Work instruction: The full listing, returned exactly and free of pictures, is the expected answer.
****
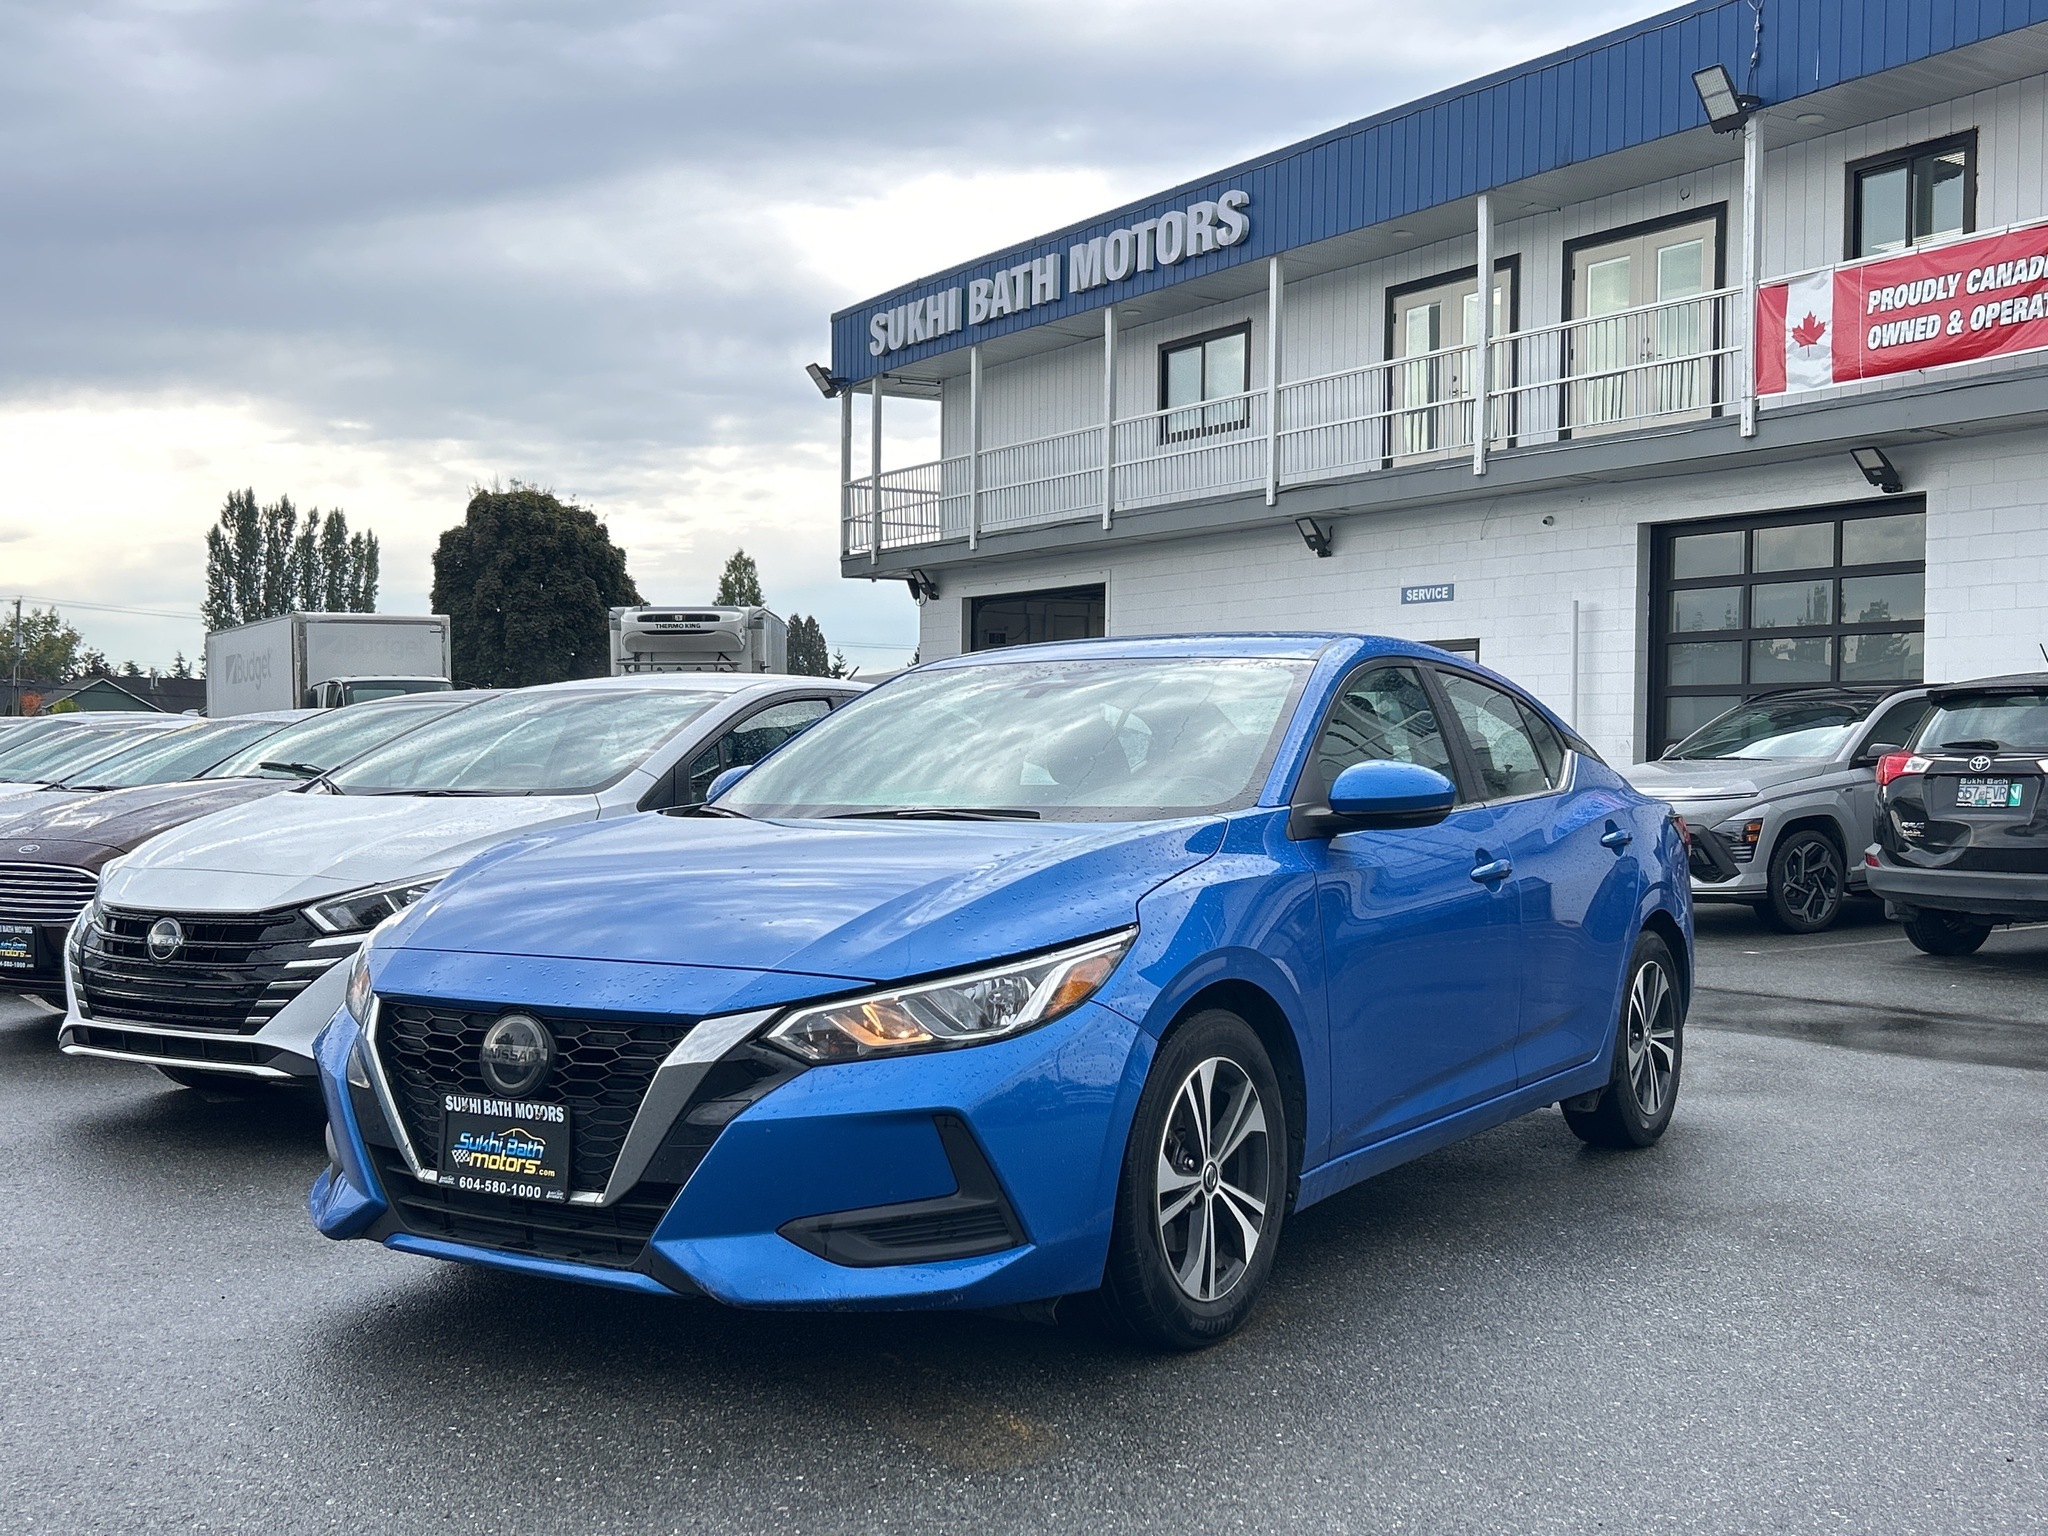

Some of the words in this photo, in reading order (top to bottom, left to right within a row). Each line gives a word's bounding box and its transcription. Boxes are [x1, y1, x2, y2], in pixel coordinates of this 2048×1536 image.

[869, 287, 963, 356] SUKHI
[969, 253, 1061, 326] BATH
[1069, 189, 1250, 294] MOTORS
[1866, 271, 1962, 315] PROUDLY
[1867, 314, 1941, 351] OWNED
[1947, 309, 1964, 336] &
[1406, 586, 1449, 601] SERVICE
[236, 648, 272, 690] Budget
[1986, 786, 2007, 800] EVR
[445, 1095, 481, 1114] SUKHI
[483, 1099, 512, 1118] BATH
[515, 1102, 564, 1123] MOTORS
[454, 1131, 503, 1153] Sukhi
[506, 1138, 544, 1158] Bath
[459, 1176, 541, 1198] 604-580-1000
****
Written response:
Some of the words in this photo, in reading order (top to bottom, left to right within a row). Each line gives a word's bounding box and its transcription. Boxes are [x1, y1, x2, y2], in pixel coordinates of this 2048×1536 image.

[869, 287, 963, 356] SUKHI
[969, 253, 1061, 326] BATH
[1069, 189, 1250, 294] MOTORS
[1866, 271, 1962, 315] PROUDLY
[1867, 314, 1941, 351] OWNED
[1947, 309, 1964, 336] &
[1406, 586, 1449, 601] SERVICE
[236, 648, 272, 690] Budget
[1986, 786, 2007, 800] EVR
[445, 1095, 481, 1114] SUKHI
[483, 1099, 512, 1118] BATH
[515, 1102, 564, 1123] MOTORS
[454, 1131, 503, 1153] Sukhi
[506, 1138, 544, 1158] Bath
[459, 1176, 541, 1198] 604-580-1000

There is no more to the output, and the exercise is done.